Two-year sustained weight loss and metabolic benefits with controlled-release phentermine/topiramate in obese and overweight adults (SEQUEL): a randomized, placebo-controlled, phase 3 extension study

W Timothy Garvey, Donna H Ryan, Michelle Look, Kishore M Gadde, David B Allison, Craig A Peterson, Michael Schwiers, Wesley W Day, Charles H Bowden, W Timothy Garvey, Donna H Ryan, Michelle Look, Kishore M Gadde, David B Allison, Craig A Peterson, Michael Schwiers, Wesley W Day, Charles H Bowden

Abstract

Background: Obesity is a serious chronic disease. Controlled-release phentermine/topiramate (PHEN/TPM CR), as an adjunct to lifestyle modification, has previously shown significant weight loss compared with placebo in a 56-wk study in overweight and obese subjects with ≥2 weight-related comorbidities.

Objective: This study evaluated the long-term efficacy and safety of PHEN/TPM CR in overweight and obese subjects with cardiometabolic disease.

Design: This was a placebo-controlled, double-blind, 52-wk extension study; volunteers at selected sites continued with original randomly assigned treatment [placebo, 7.5 mg phentermine/46 mg controlled-release topiramate (7.5/46), or 15 mg phentermine/92 mg controlled-release topiramate (15/92)] to complete a total of 108 wk. All subjects participated in a lifestyle-modification program.

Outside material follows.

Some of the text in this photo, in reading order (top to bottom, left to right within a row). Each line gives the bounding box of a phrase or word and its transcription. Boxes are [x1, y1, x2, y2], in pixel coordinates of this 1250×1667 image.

Results: Of 866 eligible subjects, 676 (78%) elected to continue in the extension. Overall, 84.0% of subjects completed the study, with similar completion rates between treatment groups. At week 108, PHEN/TPM CR was associated with significant, sustained weight loss (intent-to-treat with last observation carried forward; P < 0.0001 compared with placebo); least-squares mean percentage changes from baseline in body weight were -1.8%, -9.3%, and -10.5% for placebo, 7.5/46, and 15/92, respectively. Significantly more PHEN/TPM CR-treated subjects at each dose achieved ≥5%, ≥10%, ≥15%, and ≥20% weight loss compared with placebo (P < 0.001). PHEN/TPM CR improved cardiovascular and metabolic variables and decreased rates of incident diabetes in comparison with placebo. PHEN/TPM CR was well tolerated over 108 wk, with reduced rates of adverse events occurring between weeks 56 and 108 compared with rates between weeks 0 and 56.

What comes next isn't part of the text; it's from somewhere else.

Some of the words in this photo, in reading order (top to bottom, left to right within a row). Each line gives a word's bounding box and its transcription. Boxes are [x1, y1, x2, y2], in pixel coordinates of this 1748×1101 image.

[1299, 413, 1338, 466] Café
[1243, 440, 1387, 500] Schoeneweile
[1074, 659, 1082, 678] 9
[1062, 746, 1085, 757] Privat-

Conclusion: PHEN/TPM CR in conjunction with lifestyle modification may provide a well-tolerated and effective option for the sustained treatment of obesity complicated by cardiometabolic disease. This trial was registered at clinicaltrials.gov as NCT00796367.

Figures

FIGURE 1.
FIGURE 1.
Trial profile. Standardized lifestyle intervention was used across all treatment groups. Of the 27 subjects who discontinued the study drug because of adverse events during the SEQUEL study, the event began during the CONQUER study for 3 subjects (one in each treatment group). For the remaining 24 subjects, the adverse event leading to discontinuation of the study drug began during the SEQUEL study. *One subject in the 7.5/46 group enrolled in the study but discontinued before receiving the study drug. 7.5/46, 7.5 mg phentermine/46 mg controlled-release topiramate; 15/92, 15 mg phentermine/92 mg controlled-release topiramate.
FIGURE 2.
FIGURE 2.
Mean (95% CI) percentage weight loss from baseline to week 108. LS mean change in the overall study completer sample. Standardized lifestyle intervention was used across all treatment groups. P < 0.0001 compared with placebo at all time points assessed. LOCF, last observation carried forward; LS, least-squares; PHEN/TPM CR 7.5/46, 7.5 mg phentermine/46 mg controlled-release topiramate; PHEN/TPM CR 15/92, 15 mg phentermine/92 mg controlled-release topiramate.
FIGURE 3.
FIGURE 3.
Percentages (and 95% CIs) of subjects achieving ≥5%, ≥10%, ≥15%, or ≥20% weight loss from baseline to week 108 (ITT-LOCF). Standardized lifestyle intervention was used across all treatment groups. *P < 0.0001 compared with placebo; †P = 0.0072 compared with placebo. ITT, intent-to-treat; LOCF, last observation carried forward; PHEN/TPM CR 7.5/46, 7.5 mg phentermine/46 mg controlled-release topiramate; PHEN/TPM CR 15/92, 15 mg phentermine/92 mg controlled-release topiramate.
FIGURE 4.
FIGURE 4.
Effects of PHEN/TPM CR on cardiometabolic variables. LS mean changes (95% CI) in (A) blood pressure, (B) antihypertensive medications, (C) lipid variables, (D) lipid-lowering medications, (E) Hb A1c, and (F) antidiabetic medications from baseline (week 0) to week 108 (ITT-LOCF). Changes in Hb A1c represent the T2D subgroup. Changes in concomitant medications represent the safety study. Standardized lifestyle intervention was used across all treatment groups. *Percentage increase minus percentage decrease; P < 0.05 for between-group differences. †P < 0.01 compared with placebo; ‡P < 0.0001 compared with placebo. Hb A1c, glycated hemoglobin; HDL-C, HDL cholesterol; ITT, intent-to-treat; LDL-C, LDL cholesterol; LOCF, last observation carried forward; LS, least-squares; PHEN/TPM CR 7.5/46, 7.5 mg phentermine/46 mg controlled-release topiramate; PHEN/TPM CR 15/92, 15 mg phentermine/92 mg controlled-release topiramate; T2D, type 2 diabetes.
FIGURE 5.
FIGURE 5.
Annualized incidence rate for progression to T2D. Data represent subjects without T2D at baseline. Standardized lifestyle intervention was used across all treatment groups. *P = 0.1514 compared with placebo; †P = 0.0078 compared with placebo. PHEN/TPM CR 7.5/46, 7.5 mg phentermine/46 mg controlled-release topiramate; PHEN/TPM CR 15/92, 15 mg phentermine/92 mg controlled-release topiramate; T2D, type 2 diabetes.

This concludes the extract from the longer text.